Wednesday, April 01, 2026

challenge to whether certification agency did its job can't be used to disprove an establishment claim

McKeon Rolling Steel Door Co. v. U.S. Smoke & Fire Corp., 2026 WL 865699, 1:23-cv-8720 (ALC) (S.D.N.Y. Mar. 30, 2026)

McKeon sued defendants for false advertising under NY and federal law. I’m ignoring the trade secret counterclaim.

McKeon and USS&F compete in the market for commercial and special purpose safety assemblies, focusing here on fire shutters that close openings in buildings and block the passage of flames and gas in the event of a fire. Fire shutters are installed in public buildings, including hospitals, schools, and airports; they descend from ceilings if there is a fire. Building codes throughout the United States require that fire shutters be tested and certified by UL 10B Standard for Safety.

Defendant Guardian tests products, sometimes with third-party help; once it deems a product certified, it posts that to its website. Once the products at issue were deemed “certified” by Guardian, defendant USS&F posted the certification information on its publicly accessible website.

They argued that the statements were literally true because USSF’s products were tested by a third party, a certified testing agency; the tests were witnessed by Guardian, and Guardian issued certifications that the products were UL 10B certified.

McKeon argued that, even though the products stated they were UL 10B certified, they were not properly certified. McKeon had obtained what defendants deem “confidential test reports” and interpreted the results to determine whether the products should have been certified to UL 10B standard. McKeon argued that it was bringing an establishment claim, by which it sought to prove that “the Test Reports do not support the proposition for which they were cited; namely, that the subject Products meet the UL 10B certification requirements.”

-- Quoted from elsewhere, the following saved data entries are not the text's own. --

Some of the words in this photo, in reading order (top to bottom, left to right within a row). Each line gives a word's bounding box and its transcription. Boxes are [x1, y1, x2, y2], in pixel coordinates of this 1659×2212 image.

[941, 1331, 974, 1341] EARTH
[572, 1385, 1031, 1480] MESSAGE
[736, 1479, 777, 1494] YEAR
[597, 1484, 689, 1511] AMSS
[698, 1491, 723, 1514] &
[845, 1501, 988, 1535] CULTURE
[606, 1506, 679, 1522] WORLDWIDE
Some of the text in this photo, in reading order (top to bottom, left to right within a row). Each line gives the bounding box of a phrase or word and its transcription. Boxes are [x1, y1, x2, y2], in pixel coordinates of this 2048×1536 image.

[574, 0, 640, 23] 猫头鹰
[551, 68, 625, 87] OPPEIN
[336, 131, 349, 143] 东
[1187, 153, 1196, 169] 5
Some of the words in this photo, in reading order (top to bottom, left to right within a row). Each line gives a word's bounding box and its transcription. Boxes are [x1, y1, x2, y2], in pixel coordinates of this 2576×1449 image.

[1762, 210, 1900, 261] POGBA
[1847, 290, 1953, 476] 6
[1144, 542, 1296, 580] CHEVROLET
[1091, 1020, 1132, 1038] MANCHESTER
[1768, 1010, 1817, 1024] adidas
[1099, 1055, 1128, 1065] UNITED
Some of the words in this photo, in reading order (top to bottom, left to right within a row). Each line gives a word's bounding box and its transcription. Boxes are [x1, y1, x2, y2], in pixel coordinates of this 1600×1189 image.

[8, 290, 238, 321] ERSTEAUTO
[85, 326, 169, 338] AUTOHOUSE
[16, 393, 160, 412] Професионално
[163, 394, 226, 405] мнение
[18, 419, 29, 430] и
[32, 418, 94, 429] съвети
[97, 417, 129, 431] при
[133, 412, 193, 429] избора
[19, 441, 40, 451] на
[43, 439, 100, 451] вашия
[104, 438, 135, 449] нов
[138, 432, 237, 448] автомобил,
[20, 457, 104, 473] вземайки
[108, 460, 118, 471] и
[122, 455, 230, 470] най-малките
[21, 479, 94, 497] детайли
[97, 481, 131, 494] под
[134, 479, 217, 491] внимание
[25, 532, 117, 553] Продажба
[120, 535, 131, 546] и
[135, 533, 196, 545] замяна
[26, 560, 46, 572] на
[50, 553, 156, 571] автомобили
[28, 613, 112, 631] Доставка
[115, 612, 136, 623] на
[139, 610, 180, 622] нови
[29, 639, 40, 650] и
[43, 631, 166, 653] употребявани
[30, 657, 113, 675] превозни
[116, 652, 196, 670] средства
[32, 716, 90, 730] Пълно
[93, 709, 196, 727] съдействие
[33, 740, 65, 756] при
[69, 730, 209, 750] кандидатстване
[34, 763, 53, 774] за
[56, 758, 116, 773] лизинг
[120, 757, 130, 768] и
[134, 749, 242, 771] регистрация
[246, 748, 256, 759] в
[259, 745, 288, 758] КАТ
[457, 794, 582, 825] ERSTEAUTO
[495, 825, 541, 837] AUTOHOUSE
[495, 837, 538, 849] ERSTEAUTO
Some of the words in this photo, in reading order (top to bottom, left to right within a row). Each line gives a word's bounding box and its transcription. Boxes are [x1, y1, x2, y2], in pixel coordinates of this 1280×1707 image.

The court found summary judgment appropriate, because this wasn’t a case where the claim was “tests prove X,” but rather “this product is accredited by a third party.” And that was true. The court found that cases allowing challenges to the reliability of claim-supportive testing were about protecting consumers against unfounded superiority claims. Here, there was no superiority claim, so there could be no establishment claim. [This distinction seems wrong to me, even if summary judgment is correct on these facts. Certainly statements that “tests prove” a monadic claim (e.g., treats headaches) or an equivalence claim (as good as) should also be able to be falsified.]

Instead, the court looked to Board.-Tech Elec. Co. v. Eaton Corp., 737 F. App’x 556 (2d Cir. 2018), which rejected a challenge to whether a competitor’s light switches should have actually been certified by the UL. “Without any indication that UL decertified the defendant’s product—or (perhaps) that the defendant’s product had materially changed since certification—there would be no plausible allegation of a false statement.” Here, McKeon conceded that it didn’t have a certifier re-test the products at issue, or provide evidence from a testing agency that the products didn’t meet the standard, or provide evidence that there was in fact no accreditation. Thus, the statements were literally true.